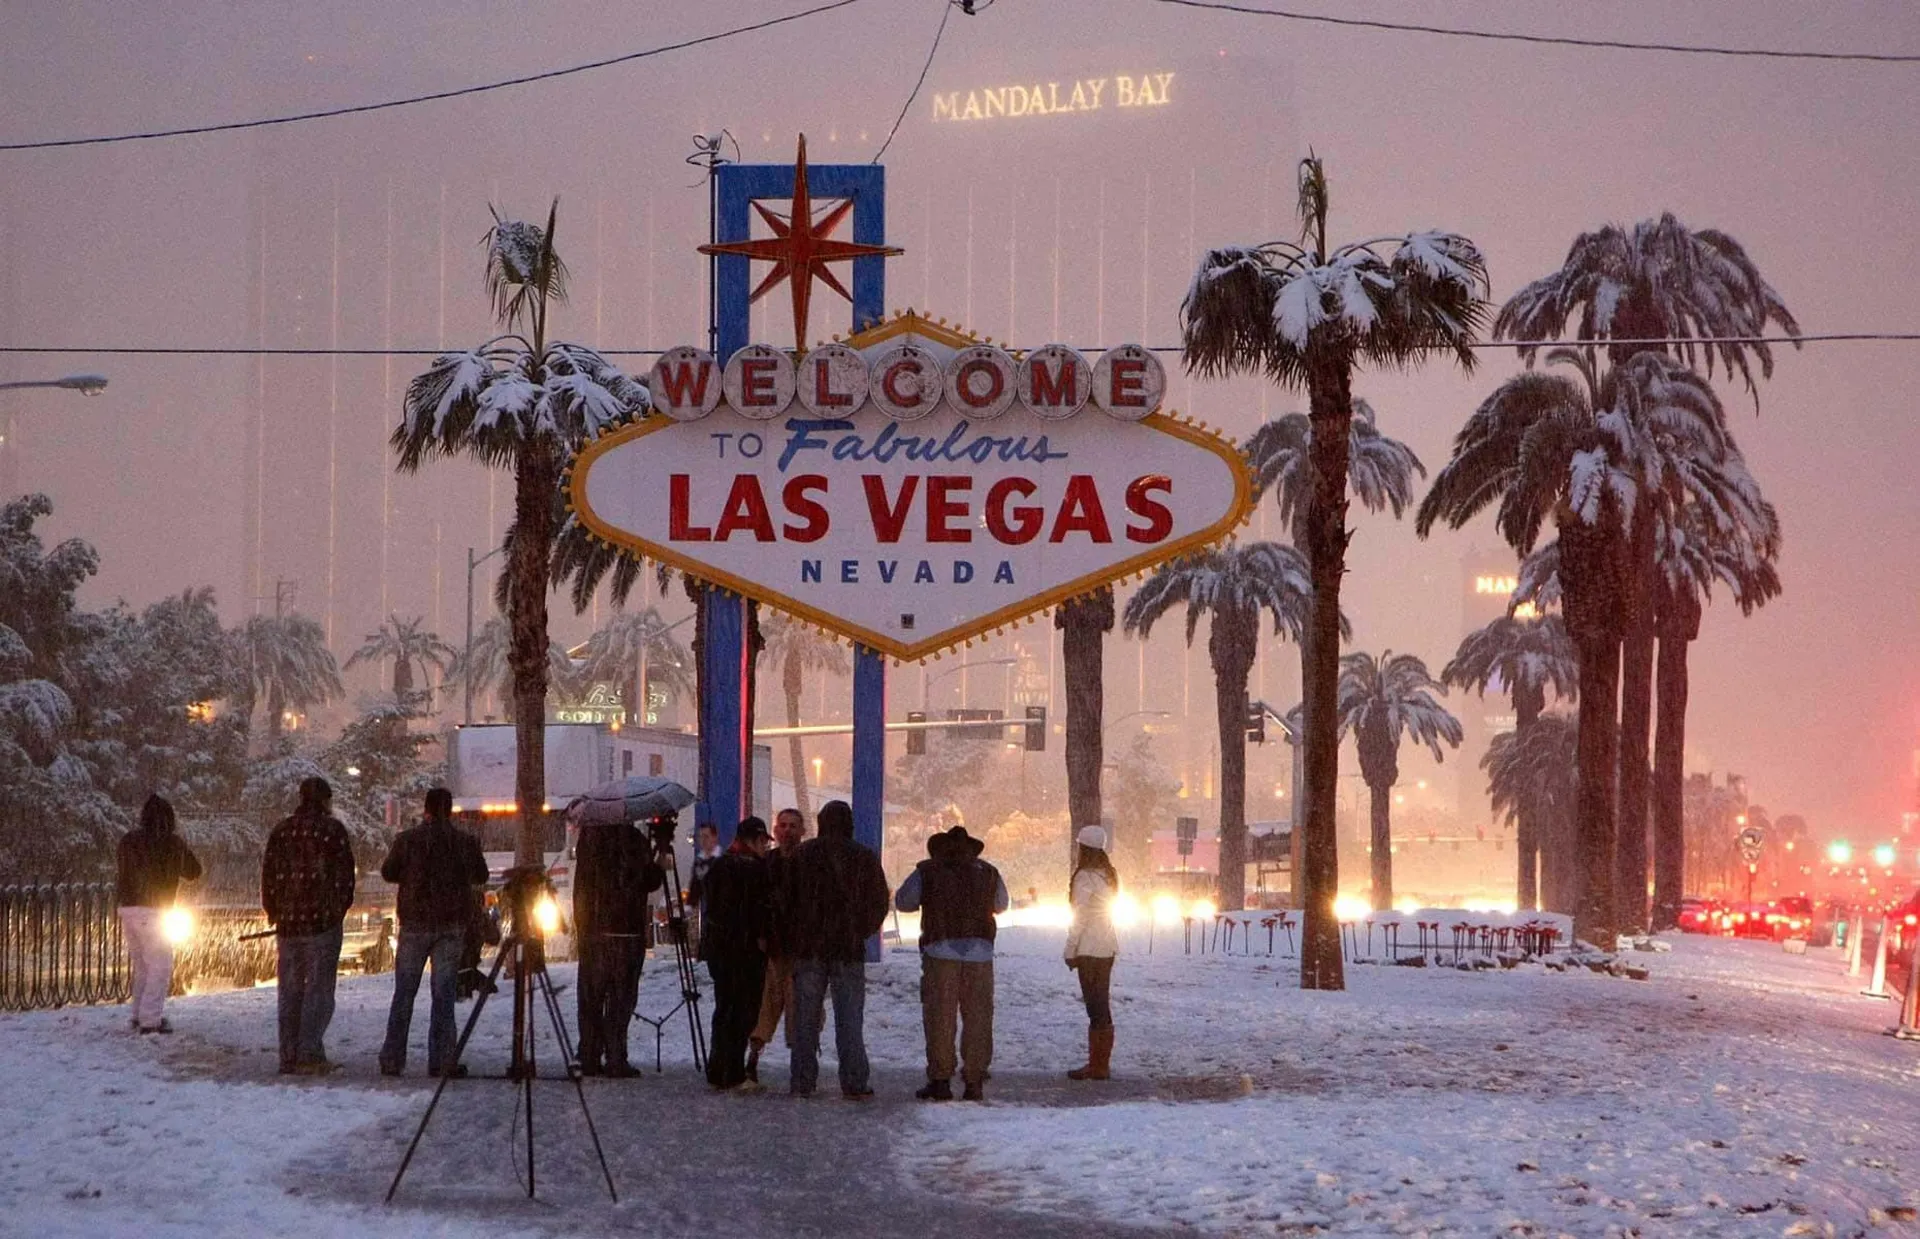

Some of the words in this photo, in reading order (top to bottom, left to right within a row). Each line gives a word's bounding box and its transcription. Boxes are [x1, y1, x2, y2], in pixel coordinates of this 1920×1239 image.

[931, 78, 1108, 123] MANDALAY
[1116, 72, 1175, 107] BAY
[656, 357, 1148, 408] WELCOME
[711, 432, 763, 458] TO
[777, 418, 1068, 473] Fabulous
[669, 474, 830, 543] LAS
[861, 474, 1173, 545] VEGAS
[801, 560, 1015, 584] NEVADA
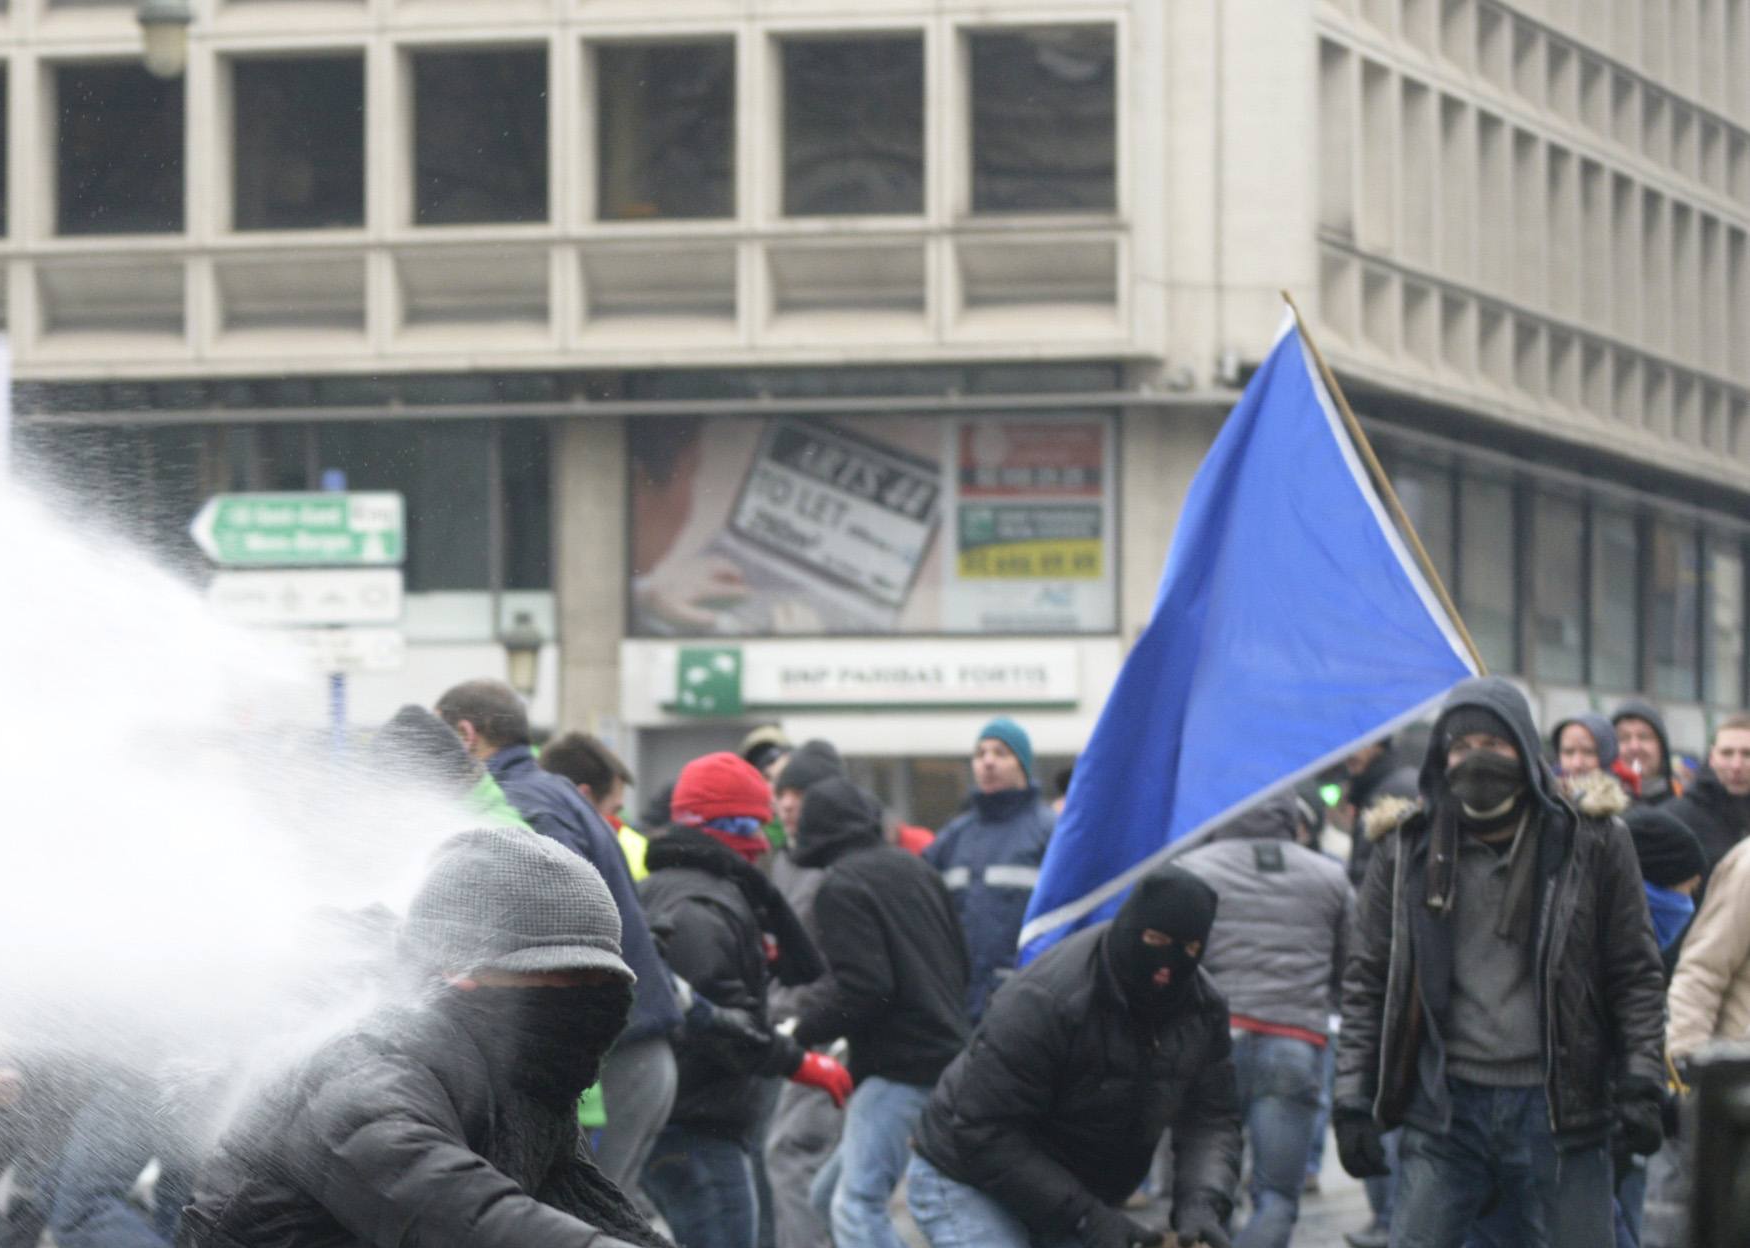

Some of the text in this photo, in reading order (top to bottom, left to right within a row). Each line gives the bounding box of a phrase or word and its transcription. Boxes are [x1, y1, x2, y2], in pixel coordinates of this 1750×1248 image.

□ □ □ □ □ □ □

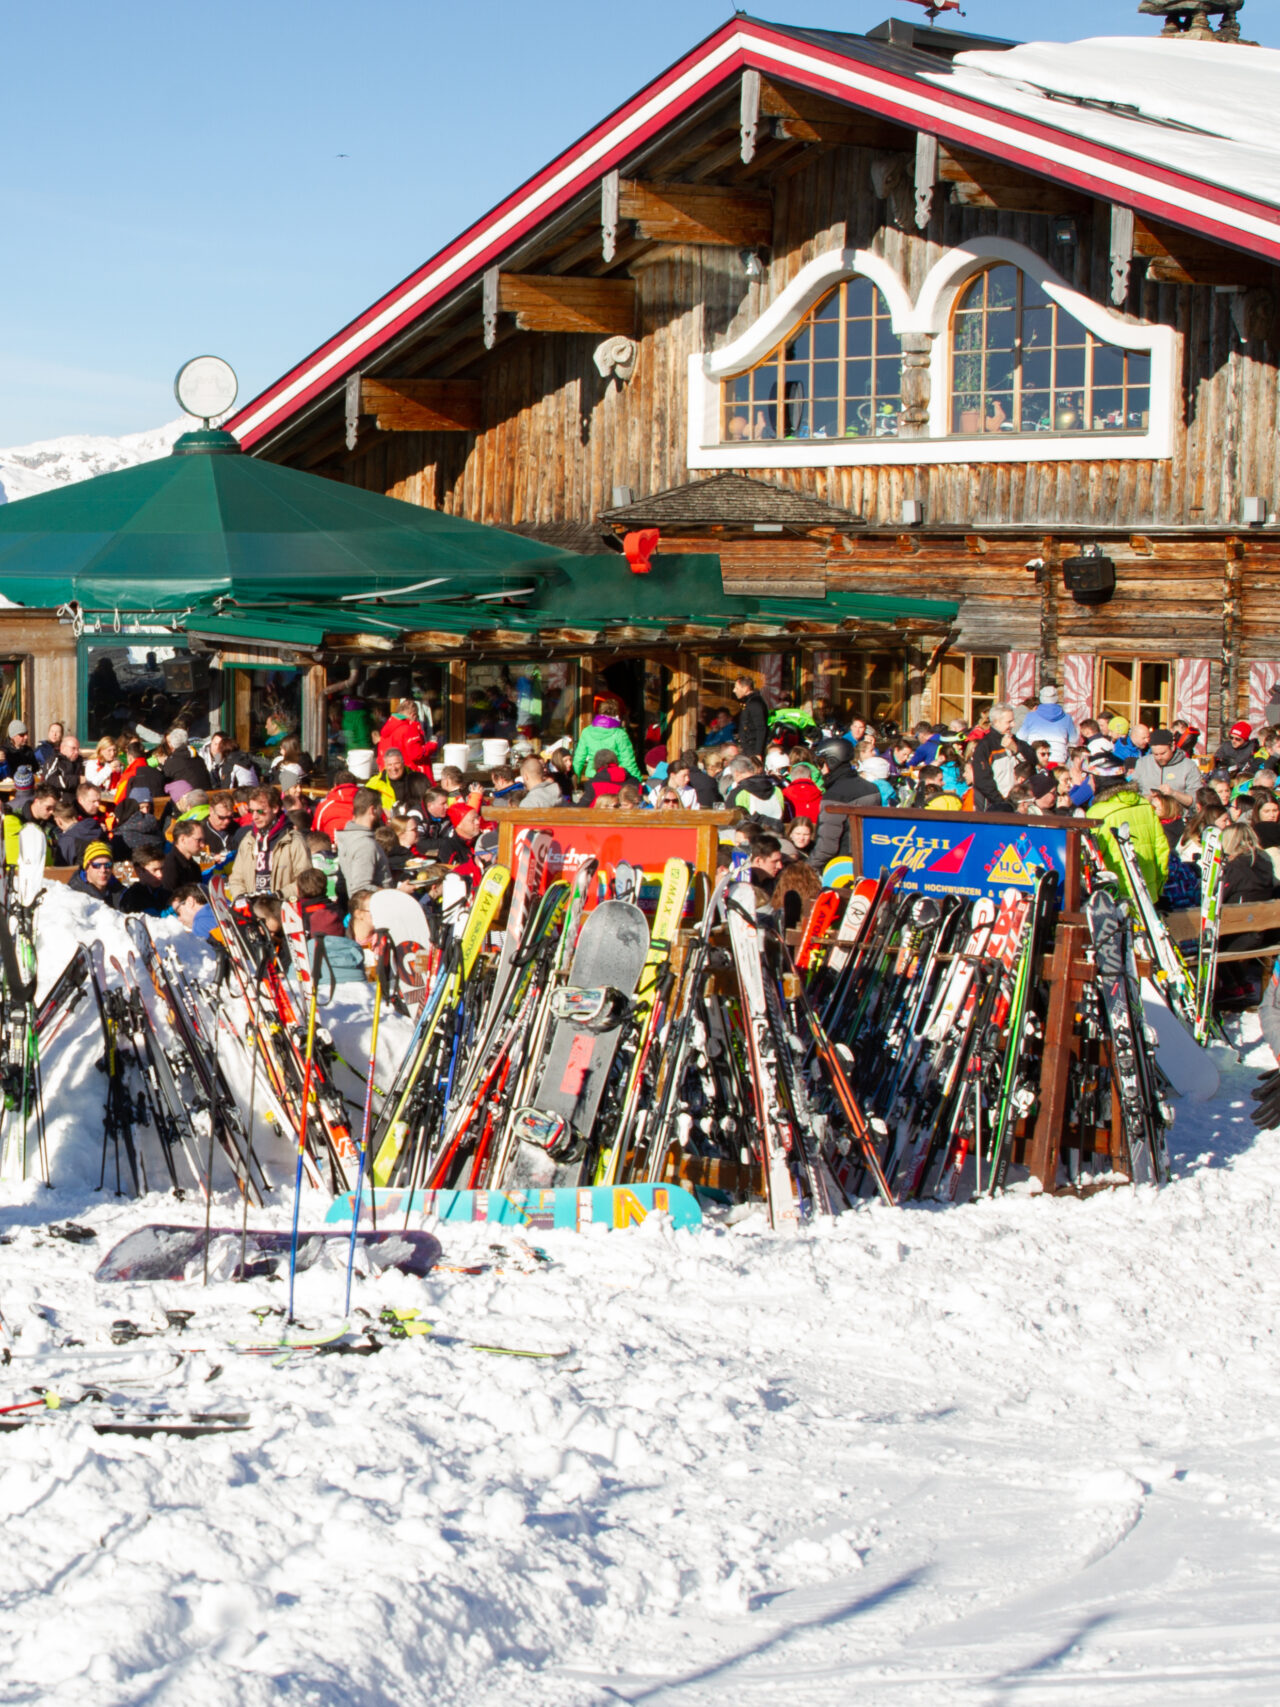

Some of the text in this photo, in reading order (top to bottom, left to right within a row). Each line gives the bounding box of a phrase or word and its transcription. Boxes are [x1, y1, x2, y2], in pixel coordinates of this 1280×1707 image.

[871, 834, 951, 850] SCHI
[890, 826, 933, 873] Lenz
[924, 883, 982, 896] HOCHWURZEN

□ □ □ □ □ □ □

TASK DIRECTIONS: Transcribe only the lines above that start at the line containing "Some of the words" and end at the line containing "this 1750×1248 image.". Omit pictures.

RESULT OF THE EXERCISE:
Some of the words in this photo, in reading order (top to bottom, left to right within a row). Each line gives a word's bounding box and its transcription. Boxes are [x1, y1, x2, y2], in pixel coordinates of this 1920×1239 image.

[931, 78, 1108, 123] MANDALAY
[1116, 72, 1175, 107] BAY
[656, 357, 1148, 408] WELCOME
[711, 432, 763, 458] TO
[777, 418, 1068, 473] Fabulous
[669, 474, 830, 543] LAS
[861, 474, 1173, 545] VEGAS
[801, 560, 1015, 584] NEVADA

Some of the text in this photo, in reading order (top to bottom, left to right within a row). Each line gives the bounding box of a phrase or word and its transcription. Boxes are [x1, y1, x2, y2], in pixel coordinates of this 1750×1248 image.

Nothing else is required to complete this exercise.